_What to work on_. Apart from the pictures, every entry below should be repeated exactly.

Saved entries
= Beginning of Section =
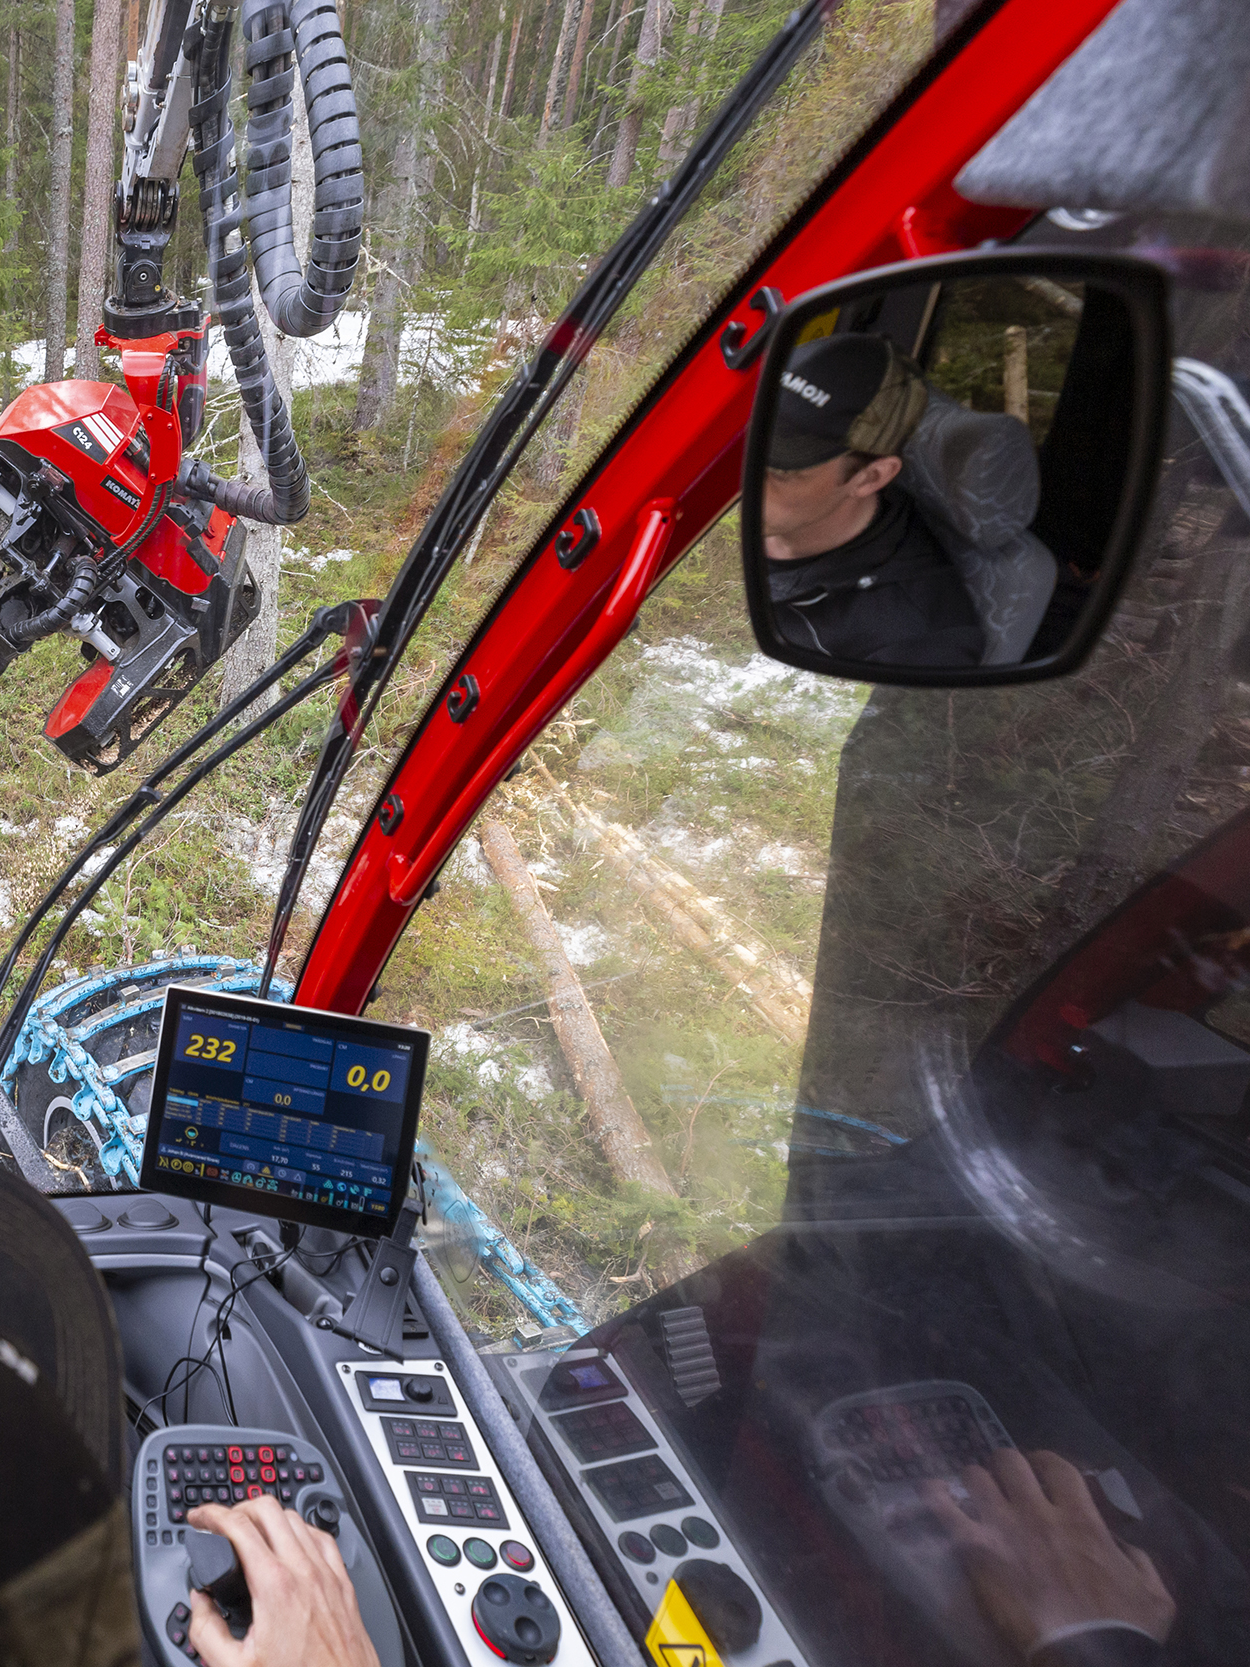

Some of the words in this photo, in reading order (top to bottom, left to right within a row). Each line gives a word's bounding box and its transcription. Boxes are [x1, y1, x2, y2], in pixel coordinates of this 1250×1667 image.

[72, 426, 93, 450] C124
[185, 1034, 236, 1063] 232
[346, 1065, 392, 1092] 0,0
[274, 1093, 292, 1106] 0,0
[271, 1154, 289, 1165] 17,70
[311, 1163, 321, 1172] 55
[340, 1169, 353, 1178] 215
[371, 1176, 387, 1186] 0,32
= End of Section =
_Expected output_.
Some of the words in this photo, in reading order (top to bottom, left to right within a row). Each line gives a word's bounding box and its transcription. Boxes are [x1, y1, x2, y2], in pixel coordinates of this 1250×1667 image.

[72, 426, 93, 450] C124
[185, 1034, 236, 1063] 232
[346, 1065, 392, 1092] 0,0
[274, 1093, 292, 1106] 0,0
[271, 1154, 289, 1165] 17,70
[311, 1163, 321, 1172] 55
[340, 1169, 353, 1178] 215
[371, 1176, 387, 1186] 0,32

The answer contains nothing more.